Without adding or dropping anything, copy the entries below.
^^^^^^^^^^^^^^^^
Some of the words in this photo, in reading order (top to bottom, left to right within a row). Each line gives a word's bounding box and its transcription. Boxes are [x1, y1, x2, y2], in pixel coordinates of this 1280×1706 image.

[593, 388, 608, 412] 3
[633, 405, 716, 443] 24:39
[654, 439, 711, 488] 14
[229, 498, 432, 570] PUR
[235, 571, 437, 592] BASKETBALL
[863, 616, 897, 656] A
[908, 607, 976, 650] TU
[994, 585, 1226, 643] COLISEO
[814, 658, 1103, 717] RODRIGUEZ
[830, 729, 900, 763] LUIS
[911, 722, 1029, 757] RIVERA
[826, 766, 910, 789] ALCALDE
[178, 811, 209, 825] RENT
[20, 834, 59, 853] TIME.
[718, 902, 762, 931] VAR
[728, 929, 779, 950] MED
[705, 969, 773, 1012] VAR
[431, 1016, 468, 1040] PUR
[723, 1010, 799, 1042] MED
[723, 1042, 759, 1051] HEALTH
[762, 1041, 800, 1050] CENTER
^^^^^^^^^^^^^^^^
**SOLUTION TO THIS TASK:**
Some of the words in this photo, in reading order (top to bottom, left to right within a row). Each line gives a word's bounding box and its transcription. Boxes are [x1, y1, x2, y2], in pixel coordinates of this 1280×1706 image.

[593, 388, 608, 412] 3
[633, 405, 716, 443] 24:39
[654, 439, 711, 488] 14
[229, 498, 432, 570] PUR
[235, 571, 437, 592] BASKETBALL
[863, 616, 897, 656] A
[908, 607, 976, 650] TU
[994, 585, 1226, 643] COLISEO
[814, 658, 1103, 717] RODRIGUEZ
[830, 729, 900, 763] LUIS
[911, 722, 1029, 757] RIVERA
[826, 766, 910, 789] ALCALDE
[178, 811, 209, 825] RENT
[20, 834, 59, 853] TIME.
[718, 902, 762, 931] VAR
[728, 929, 779, 950] MED
[705, 969, 773, 1012] VAR
[431, 1016, 468, 1040] PUR
[723, 1010, 799, 1042] MED
[723, 1042, 759, 1051] HEALTH
[762, 1041, 800, 1050] CENTER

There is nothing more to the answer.